What is needed is an exact copy of the records below, with the pictures left out.

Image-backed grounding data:

□ □ □ □ □

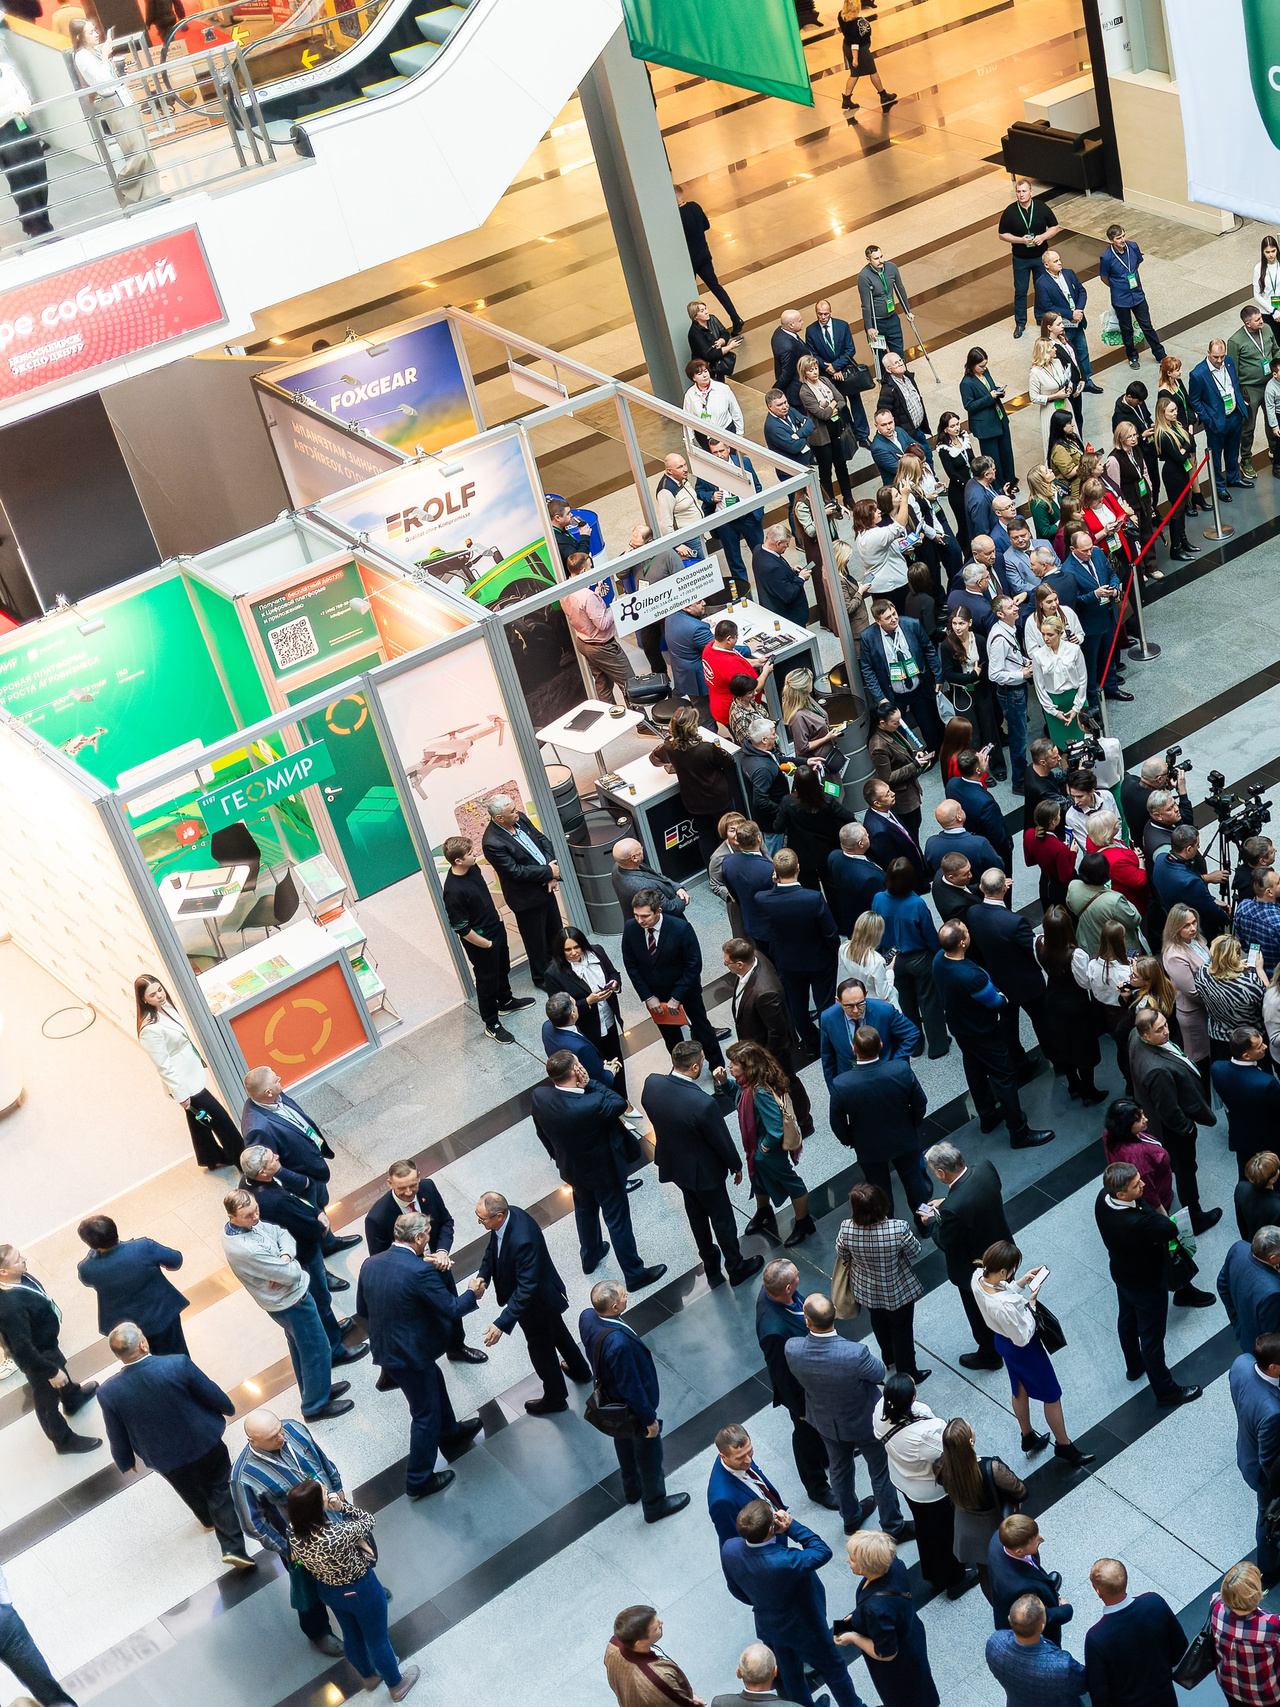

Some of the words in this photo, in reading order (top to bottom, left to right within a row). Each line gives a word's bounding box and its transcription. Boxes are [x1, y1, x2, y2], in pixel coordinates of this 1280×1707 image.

[41, 257, 177, 326] событий
[8, 332, 83, 367] НОВОСИБИРСК
[11, 355, 49, 376] ЭКСПО
[50, 343, 85, 364] ЦЕНТР
[330, 366, 418, 413] FOXGEAR
[675, 563, 713, 585] Смазочные
[678, 571, 714, 592] материалы
[634, 588, 673, 612] Oilberry
[654, 594, 698, 619] shop.oilberry.ru
[7, 685, 37, 702] РОСТА
[38, 656, 100, 689] АГРОБИЗНЕСА
[33, 651, 88, 679] ПЛАТФОРМА
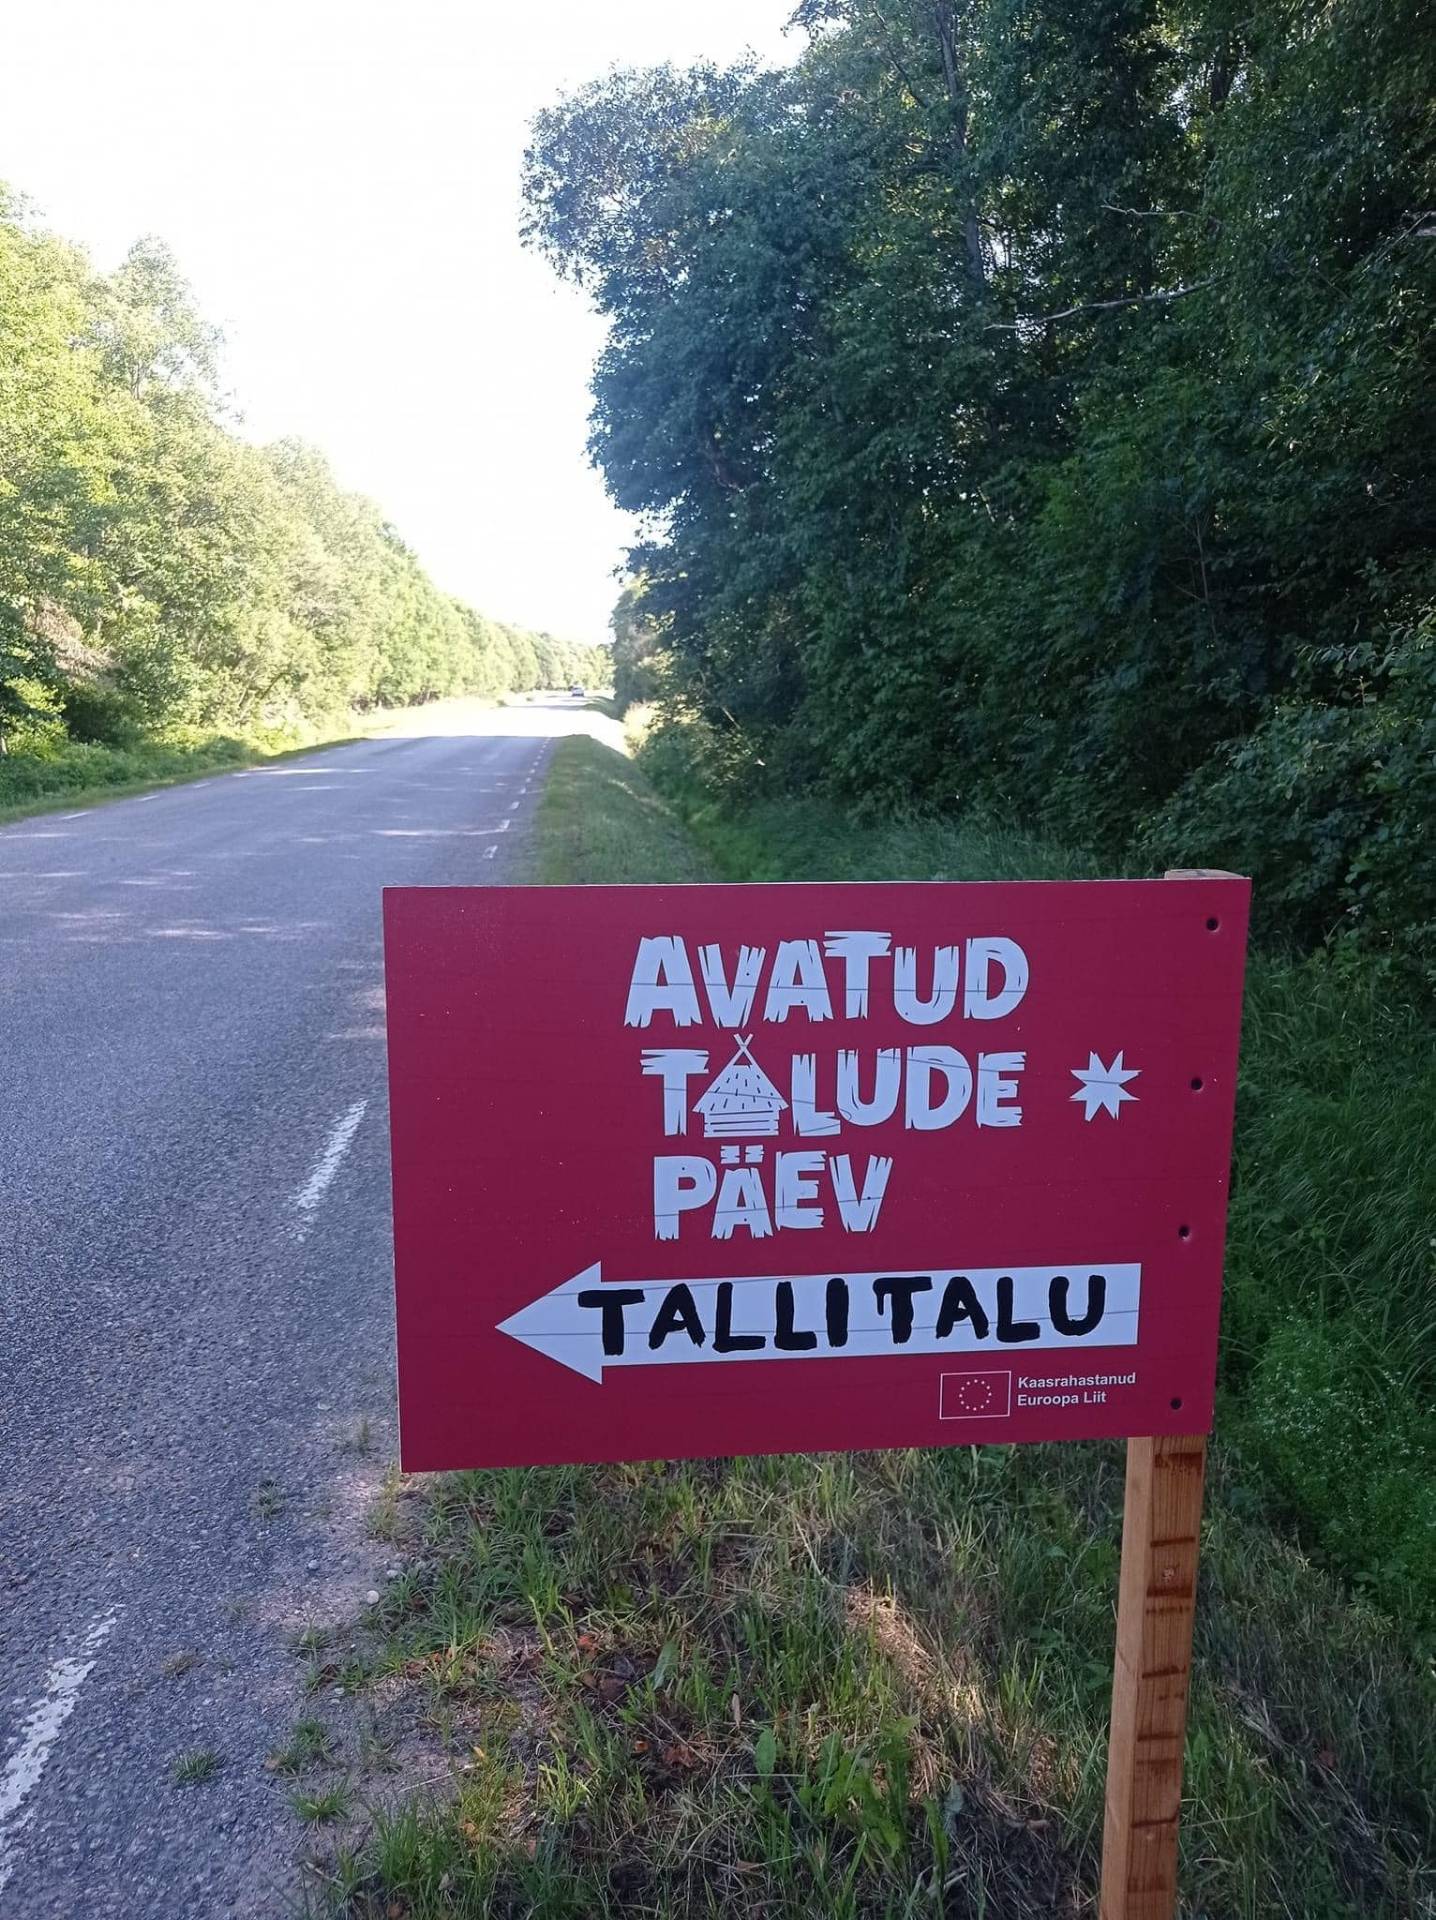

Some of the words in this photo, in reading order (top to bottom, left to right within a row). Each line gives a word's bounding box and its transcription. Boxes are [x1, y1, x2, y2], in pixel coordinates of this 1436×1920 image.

□ □ □ □ □

TASK RESULT:
Some of the words in this photo, in reading order (top to bottom, left to right within a row). Each line gives a word's bounding box and its transcription. Boxes are [x1, y1, x2, y2], in pixel coordinates of this 1280×1707 image.

[41, 257, 177, 326] событий
[8, 332, 83, 367] НОВОСИБИРСК
[11, 355, 49, 376] ЭКСПО
[50, 343, 85, 364] ЦЕНТР
[330, 366, 418, 413] FOXGEAR
[675, 563, 713, 585] Смазочные
[678, 571, 714, 592] материалы
[634, 588, 673, 612] Oilberry
[654, 594, 698, 619] shop.oilberry.ru
[7, 685, 37, 702] РОСТА
[38, 656, 100, 689] АГРОБИЗНЕСА
[33, 651, 88, 679] ПЛАТФОРМА

Some of the words in this photo, in reading order (top to bottom, left to right within a row). Each line gives a word's bounding box and its transcription. Boxes are [x1, y1, x2, y2], in pixel coordinates of this 1436×1920 image.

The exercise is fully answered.